For discussion of Alpine Linux development and developer support

[alpine-devel] [PATCH] acf-openssl changes as per #354

Luke Stuart
Details
Message ID
<1308567945-12186-1-git-send-email-lukestu@gmail.com>
Sender timestamp
1308567945
DKIM signature
missing
Download raw message
Patch: +49 -22
---
 openssl-controller.lua        |    6 ++++-
 openssl-editdefaults-html.lsp |    2 +-
 openssl-model.lua             |   48 ++++++++++++++++++++++++++++------------
 openssl-request-html.lsp      |    2 +-
 openssl-status-html.lsp       |    7 +++++-
 openssl.roles                 |    6 ++--
 6 files changed, 49 insertions(+), 22 deletions(-)
 mode change 100755 => 100644 openssl-controller.lua
 mode change 100755 => 100644 openssl-model.lua

diff --git a/openssl-controller.lua b/openssl-controller.lua
old mode 100755
new mode 100644
index 7d9ae9a..fd43693
--- a/openssl-controller.lua
+++ b/openssl-controller.lua
@@ -9,7 +9,6 @@ local sslstatus
 
 mvc={}
 mvc.pre_exec = function(self)
-	self.model.set_umask()
 	sslstatus = self.model.getstatus()
 	if (sslstatus.value.version.errtxt and self.conf.action ~= "status")
 		or (sslstatus.value.conffile.errtxt and self.conf.action ~= "status" and self.conf.action ~= "editconfigfile" and self.conf.action ~= "checkenvironment")
@@ -116,6 +115,11 @@ putcacert = function(self)

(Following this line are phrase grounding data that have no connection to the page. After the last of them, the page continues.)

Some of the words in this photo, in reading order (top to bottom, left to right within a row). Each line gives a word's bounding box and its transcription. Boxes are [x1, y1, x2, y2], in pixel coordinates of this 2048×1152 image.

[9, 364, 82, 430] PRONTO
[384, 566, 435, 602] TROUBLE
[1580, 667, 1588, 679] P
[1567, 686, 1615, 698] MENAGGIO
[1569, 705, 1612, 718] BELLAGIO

 	return controllerfunctions.handle_form(self, self.model.getnewputca, self.model.putca, self.clientdata, "Upload", "Upload CA Certificate", "Certificate Uploaded")
 end
 
+downloadpem = function(self)
+	self.conf.viewtype="stream"
+	return self.model.getpem(self.clientdata.dlpath)	
+end
+	
 -- Generate a self-signed CA
 generatecacert = function(self)
 	return controllerfunctions.handle_form(self, self.model.getnewcarequest, self.model.generateca, self.clientdata, "Generate", "Generate CA Certificate", "Certificate Generated")

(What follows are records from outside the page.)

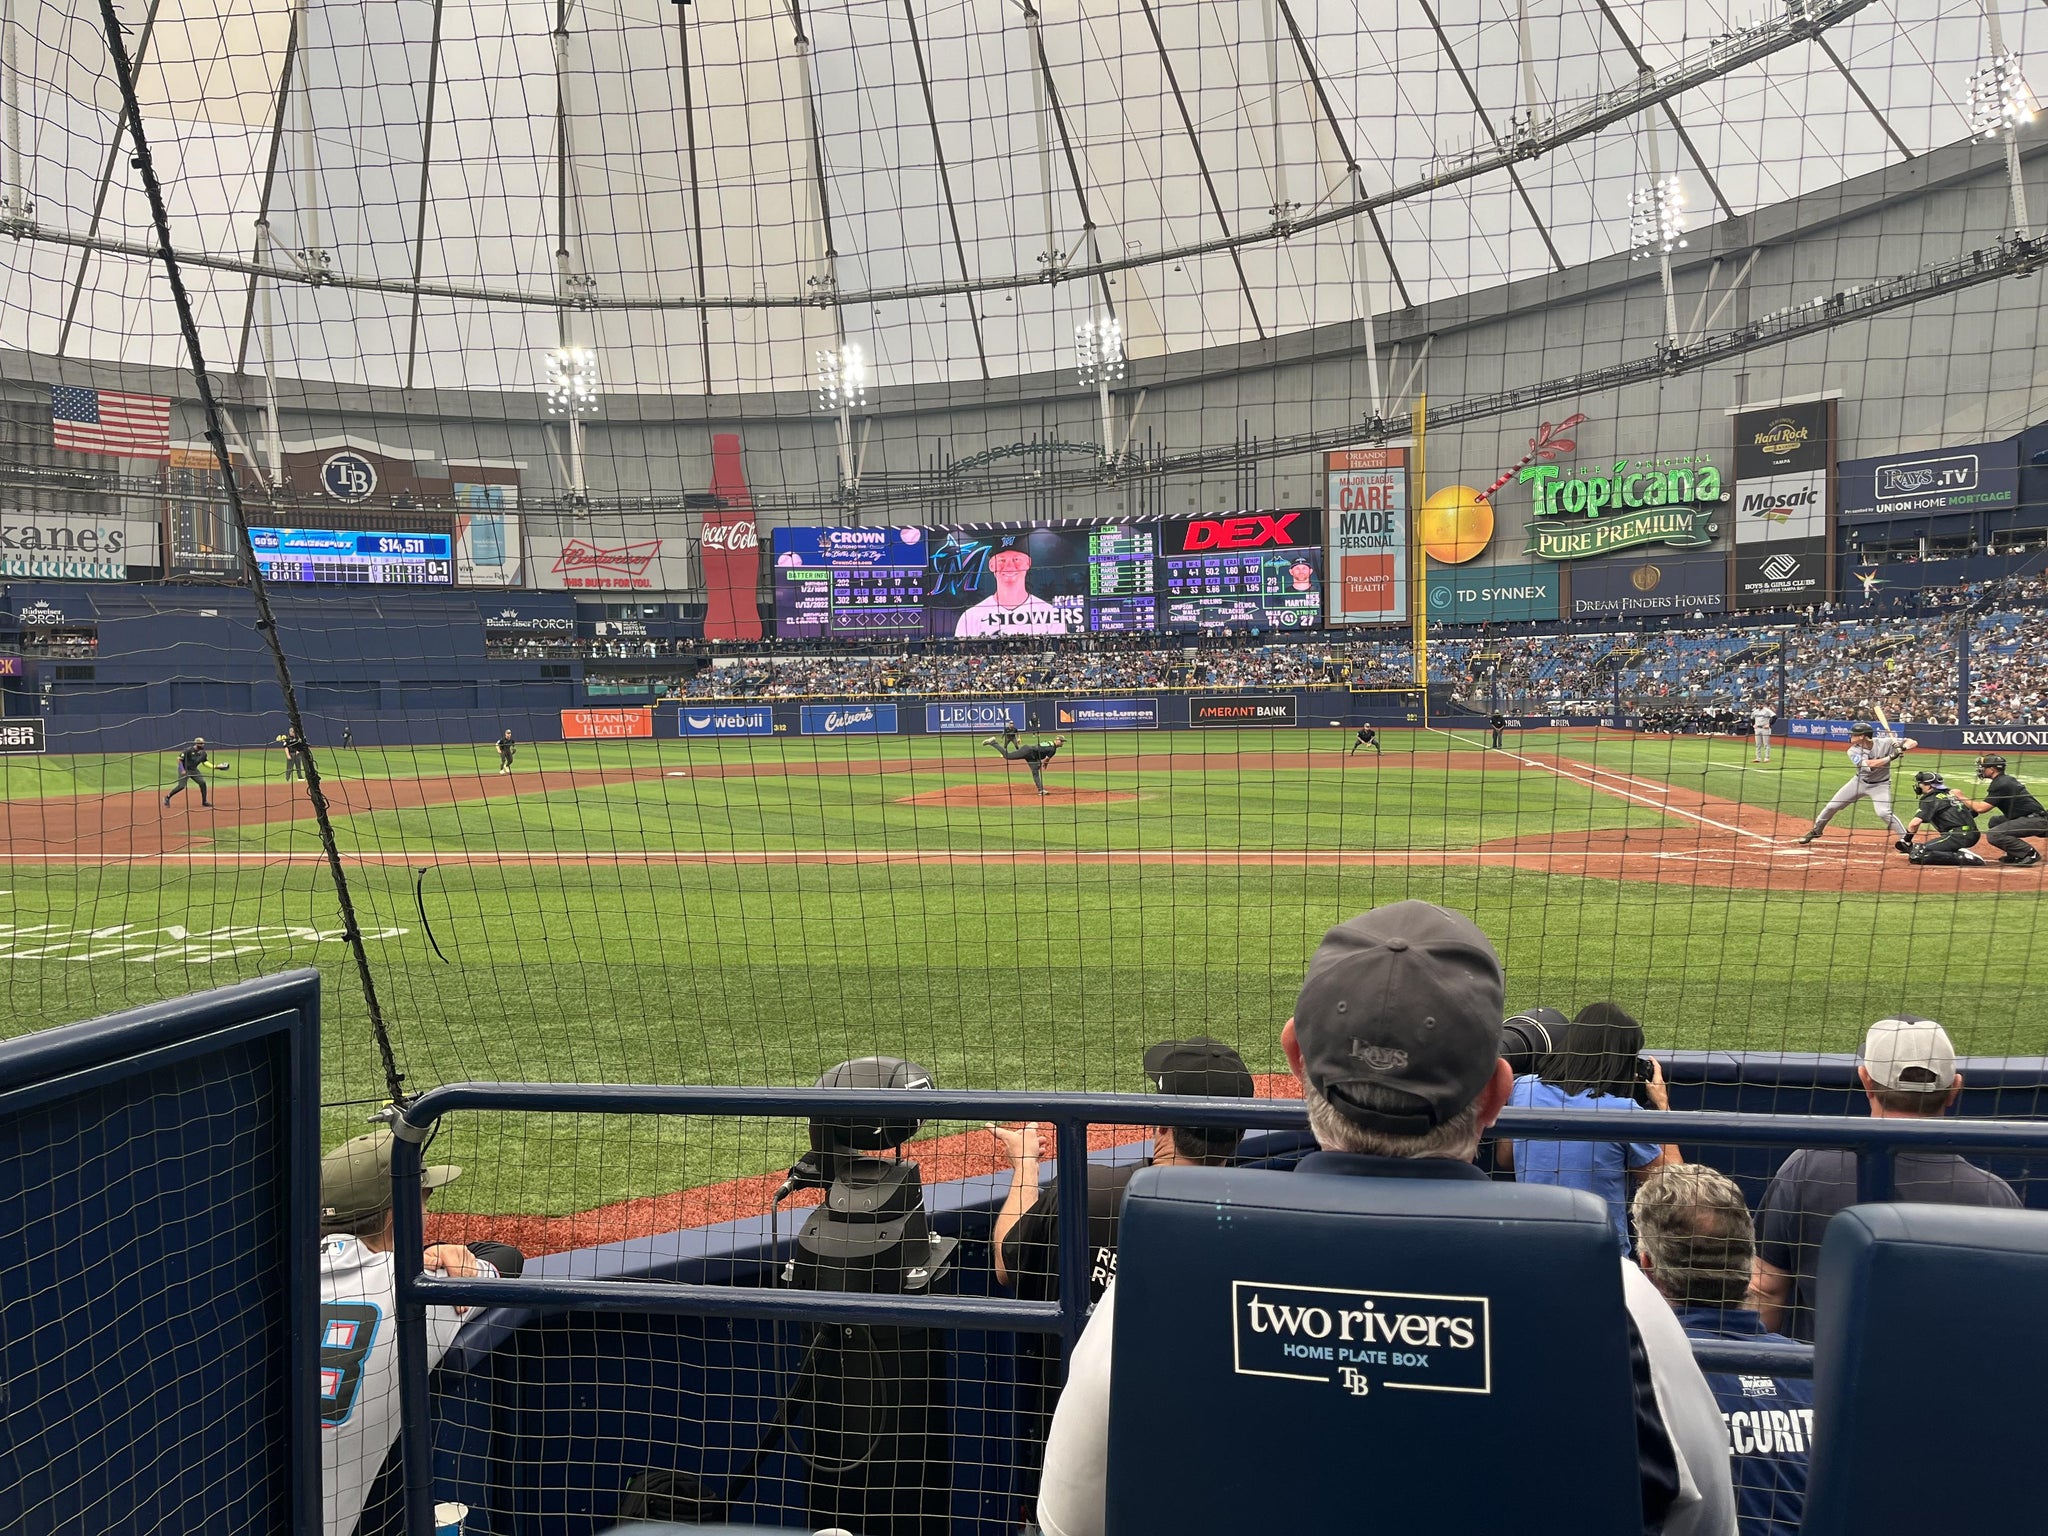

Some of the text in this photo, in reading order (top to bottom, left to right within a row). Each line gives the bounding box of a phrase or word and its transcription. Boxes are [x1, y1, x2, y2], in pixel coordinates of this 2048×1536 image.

[1755, 427, 1808, 444] Hard Rock
[1346, 452, 1386, 460] ORLANDO
[1350, 460, 1383, 468] HEALTH
[1567, 454, 1712, 476] THE ORIGINAL
[1339, 475, 1394, 486] MAJOR LEAGUE
[1519, 460, 1721, 518] Tropicana
[1339, 485, 1394, 511] CARE
[1742, 486, 1818, 512] Mosaic
[1876, 501, 1911, 513] UNION
[1914, 498, 1946, 509] HOME
[1948, 491, 2011, 505] MORTGAGE
[1340, 511, 1394, 535] MADE
[0, 526, 124, 553] kane's
[702, 521, 758, 550] Coca-Cola
[830, 532, 885, 544] CROWN
[1183, 513, 1300, 550] DEX
[1539, 514, 1693, 553] PURE PREMIUM
[285, 539, 352, 548] JACKPOT
[379, 537, 424, 553] $14,511
[1340, 535, 1394, 549] PERSONAL
[3, 554, 112, 564] FURNITURE
[563, 548, 650, 565] Budweiser
[428, 562, 447, 575] 0-1
[563, 578, 583, 587] THIS
[585, 578, 611, 587] BUD'S
[613, 578, 630, 587] FOR
[1346, 575, 1390, 583] ORLANDO
[1350, 583, 1385, 592] HEALTH
[1457, 585, 1546, 602] TD SYNNEX
[1054, 595, 1084, 606] KYLE
[1575, 594, 1721, 613] DREAM FINDERS HOMES
[19, 613, 65, 625] PORCH
[22, 607, 63, 615] Budweiser
[990, 608, 1084, 626] STOWERS
[487, 618, 573, 629] Budweiser PORCH
[1300, 615, 1314, 626] 27
[575, 713, 640, 723] ORLANDO
[825, 707, 873, 732] Culver's
[1199, 706, 1287, 718] AMERANT BANK
[715, 713, 763, 728] webull
[583, 724, 633, 735] HEALTH
[0, 736, 34, 745] IGN
[0, 924, 409, 942] LANDO
[1247, 1293, 1475, 1349] two rivers
[1284, 1343, 1429, 1367] HOME PLATE BOX
[1338, 1367, 1369, 1396] TB

diff --git a/openssl-editdefaults-html.lsp b/openssl-editdefaults-html.lsp
index 9052213..b73b0a8 100644
--- a/openssl-editdefaults-html.lsp
+++ b/openssl-editdefaults-html.lsp
@@ -6,7 +6,7 @@
 	form.action = page_info.script .. page_info.prefix .. page_info.controller .. "/" .. page_info.action
 	local order = { "countryName", "C", "stateOrProvinceName", "ST", "localityName", "L", "organizationName", "O",
 			"organizationalUnitName", "OU", "commonName", "CN", "emailAddress" }
-	local finishingorder = { "certtype", "extensions" }
+	local finishingorder = { "encryption", "validdays", "certtype", "extensions" }
 	displayform(form, order, finishingorder)
 %>
 
diff --git a/openssl-model.lua b/openssl-model.lua
old mode 100755
new mode 100644
index b5a84a6..844fa7c
--- a/openssl-model.lua
+++ b/openssl-model.lua
@@ -37,7 +37,6 @@ local getdefaults = function()
 	local defaults = cfe({ type="group", value={} })
 	config = config or format.parse_ini_file(fs.read_file(configfile) or "")
 	local distinguished_name = config.req.distinguished_name or ""
-
 	-- Get the distinguished name defaults
 	for name,value in pairs(config[distinguished_name]) do
 		if nil == string.find(name, "_") then
@@ -300,21 +299,26 @@ getstatus = function()
 	return cfe({ type="group", value={version=version, conffile=conffile, environment=environment, cacert=cacert, cacertcontents=cacertcontents, cakey=cakey}, label="openssl status" })
 end
 
-set_umask = function()
-	return posix.umask("rw-------")
-end
-
-
 getreqdefaults = function()
 	local defaults = getdefaults()
-
+	
+	--Add in the encryption bit default
+	local encryption = ""
+	local content = fs.read_file(configfile) or ""
+	encryption = format.get_ini_entry(content, "req", "default_bits")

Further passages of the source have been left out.